I love the idea of sex, but I can't enjoy the act itself.

I am bipolar (male) and my medication took away my sex drive completely for the month and a half that I took it several years back, it was Seroquel. Sex therapy cannot restore your libido if it was taken away from you chemically through the administration of psychotropic drugs. Talking about it does not remove the effects of an actual substance in your system.

You can't have a satisfactory love relationship with your boyfriend ever again because you're too scared of living drug free. This is the sad truth and there is no way around it. I am sorry to bring you this bad news.

You say that it is not safe for you to get off your meds, so I think it is best for you to end this relationship and live a sexless single life from now on, and better get used to the idea. It is not fair to deprive your boyfriend of him being with the person you used to be by staying with him the way you are now. I'm not sure he signed up for that.

Sorry if I sound harsh, but this is just reality for you. There is a cost associated with blindly believing your doctor that you need to take drugs for the rest of your life or else things are dangerous to you. Consuming psychotropic drugs, even when prescribed, has its consequences.

I personally resolved my lack of sex drive by going off the meds completely. I did this against my doctor's advice, and I did have a 3-day psychotic episode upon cutting off the meds. However, I recovered on my own, completely drug-free, and have lived that way ever since (that was 3 years ago).

This is not medical advice. If you wish to follow medical advice only, by all means, keep believing your doctor and take psychotropic drugs for the rest of your life like you're told. If you're not strong enough to face your insanity (condition, whatever you wanna call it - I call mine insanity because it's what it is), if you're too weak to face it drug free - then you should by all means accept that you're broken beyond repair and need to get used to the idea that some parts of your personality and physical functions will be gone from now on. By taking anti-psychotics for extended periods of time you may lose your sexual function altogether. You can try switching drugs - maybe your sex drive will be restored at the cost of 40lbs weight gain from a new drug, maybe another drug will deprive you of the ability to focus at the expense of having some sexual function restored. You can try switching drugs until you find some drug whose negative side effects are not that bad, but they all have bad side effects, let's not kid ourselves about that. That's just life for you now.

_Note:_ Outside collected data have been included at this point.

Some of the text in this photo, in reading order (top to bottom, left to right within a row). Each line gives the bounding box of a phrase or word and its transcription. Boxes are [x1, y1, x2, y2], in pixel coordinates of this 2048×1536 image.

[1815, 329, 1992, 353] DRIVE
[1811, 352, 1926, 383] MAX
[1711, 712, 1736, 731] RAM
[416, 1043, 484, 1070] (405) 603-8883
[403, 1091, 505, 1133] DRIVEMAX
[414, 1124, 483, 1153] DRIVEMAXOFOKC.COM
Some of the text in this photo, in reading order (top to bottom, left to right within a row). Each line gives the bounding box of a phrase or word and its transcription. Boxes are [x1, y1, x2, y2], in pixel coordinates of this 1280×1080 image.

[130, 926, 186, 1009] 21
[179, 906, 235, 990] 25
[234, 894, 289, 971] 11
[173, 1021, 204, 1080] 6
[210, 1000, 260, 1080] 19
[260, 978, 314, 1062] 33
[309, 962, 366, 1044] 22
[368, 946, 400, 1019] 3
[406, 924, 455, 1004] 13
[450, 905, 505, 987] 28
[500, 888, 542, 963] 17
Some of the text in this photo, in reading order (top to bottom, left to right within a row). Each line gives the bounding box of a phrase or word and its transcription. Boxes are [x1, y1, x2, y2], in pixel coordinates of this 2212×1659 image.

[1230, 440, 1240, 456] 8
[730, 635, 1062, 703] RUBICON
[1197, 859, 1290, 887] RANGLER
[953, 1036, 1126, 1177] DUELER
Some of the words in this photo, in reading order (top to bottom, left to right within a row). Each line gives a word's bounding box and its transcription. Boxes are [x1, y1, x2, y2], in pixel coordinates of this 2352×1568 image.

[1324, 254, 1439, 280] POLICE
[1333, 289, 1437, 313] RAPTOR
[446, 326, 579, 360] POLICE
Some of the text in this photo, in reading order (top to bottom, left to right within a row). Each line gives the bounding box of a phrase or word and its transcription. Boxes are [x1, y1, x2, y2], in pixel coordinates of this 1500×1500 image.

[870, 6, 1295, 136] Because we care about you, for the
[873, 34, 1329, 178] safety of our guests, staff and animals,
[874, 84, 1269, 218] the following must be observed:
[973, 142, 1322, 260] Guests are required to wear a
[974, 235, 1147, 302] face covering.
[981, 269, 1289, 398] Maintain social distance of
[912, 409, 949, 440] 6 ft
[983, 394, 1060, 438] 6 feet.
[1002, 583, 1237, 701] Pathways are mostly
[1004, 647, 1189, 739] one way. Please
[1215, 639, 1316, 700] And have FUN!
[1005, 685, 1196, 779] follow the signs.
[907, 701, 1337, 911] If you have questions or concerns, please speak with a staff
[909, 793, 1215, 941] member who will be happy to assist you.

I could not accept a life like that for myself. And since I was not ready to commit suicide just yet, I decided to forego my prescription altogether. I personally made the choice to say "fuck you" to my doctor and get better on my own, drug free, and I did it. I don't recommend you do that. I had the courage, strength of will and determination to face my inner demons head-on, without chemical assistance, and find a resolution to my issues in a way that made sense to me personally. Choosing to do it all on my own against everyone else's well-meaning advice and protests is just part of my personality and who I am. I still have manic and depressive episodes, all the time, every day. However, I have learned to recognize them, to keep into account the way they alter my personality and learned how to function like a normal human being despite of that. I know that the sadness I feel when depressed is false - it's just an effect of a chemical reaction in my mind. I now know that the exhilaration and elation I feel during a manic episode are not real, but just an inevitable side effect of something that happens in my brain chemistry. So I account for that and always think about it when choosing my way of reacting to my environment and people around me. And it works. It's not perfect, sometimes I have weird social situations, but I don't really care - I am still me, all of my functions are still in working order, and I still have agency and free will - I am no longer dependent on drugs in order to feel in control of my life. It's all that maters to me now, and I'd much rather be dead than the zombie antipsychotic drugs had turned me before I stopped taking them.

This is not for everyone, this is not medically advisable, and if you don't have the inner strength, will and conviction for it, then you're better off remaining dependent on drugs and getting used to the idea that your sex drive will not come back as long as you keep taking the drugs you're taking now. Sometimes it's just the way it is if you choose to go that route.

And if you should ever consider getting off your meds and getting better by facing your demons head-on, through sheer willpower and self-determination (something that the medical establishment does not recognize as existing and valuable, not even psychotherapists acknowledge the importance of such an attitude) - if you wish to try it anyway, by yourself, no meds - know that you're completely on your own in this one. Everyone else will tell you not to do it, nobody will support your decision to go that route, and they will see the initial psychotic episode due to readjusting to the sudden lack of drugs as evidence that you're failing. It took me 3 days to pull through the initial break-down of cutting off my meds. And during these 3 days, people around me kept telling me that what I'm doing is wrong and dangerous. The same people are now nowhere to be found now that I am stable and functioning 100%, zero medication.

So yeah, like I said - not for everyone, a specific mind-frame is required for this and I don't know if you have it. The safe bet for you is to just accept that your sex drive is never coming back as long as you fear facing your issues drug-free, and then maybe end the relationship so that your bf can have the opportunity to be happy with somebody else.